#### RECORDS FOR THE EXERCISE
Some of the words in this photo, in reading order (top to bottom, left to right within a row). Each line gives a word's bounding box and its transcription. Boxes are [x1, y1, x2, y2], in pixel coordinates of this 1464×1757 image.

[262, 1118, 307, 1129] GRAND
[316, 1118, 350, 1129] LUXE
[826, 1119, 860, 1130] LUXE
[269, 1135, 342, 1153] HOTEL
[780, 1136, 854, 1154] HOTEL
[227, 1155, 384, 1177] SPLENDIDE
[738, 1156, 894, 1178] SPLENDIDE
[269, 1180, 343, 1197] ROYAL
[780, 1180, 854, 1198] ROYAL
########
◆ **THE TASK**:
Please quote the records above exactly, without skipping a line.

◆ **SOLUTION TO THE PROBLEM**:
Some of the words in this photo, in reading order (top to bottom, left to right within a row). Each line gives a word's bounding box and its transcription. Boxes are [x1, y1, x2, y2], in pixel coordinates of this 1464×1757 image.

[262, 1118, 307, 1129] GRAND
[316, 1118, 350, 1129] LUXE
[826, 1119, 860, 1130] LUXE
[269, 1135, 342, 1153] HOTEL
[780, 1136, 854, 1154] HOTEL
[227, 1155, 384, 1177] SPLENDIDE
[738, 1156, 894, 1178] SPLENDIDE
[269, 1180, 343, 1197] ROYAL
[780, 1180, 854, 1198] ROYAL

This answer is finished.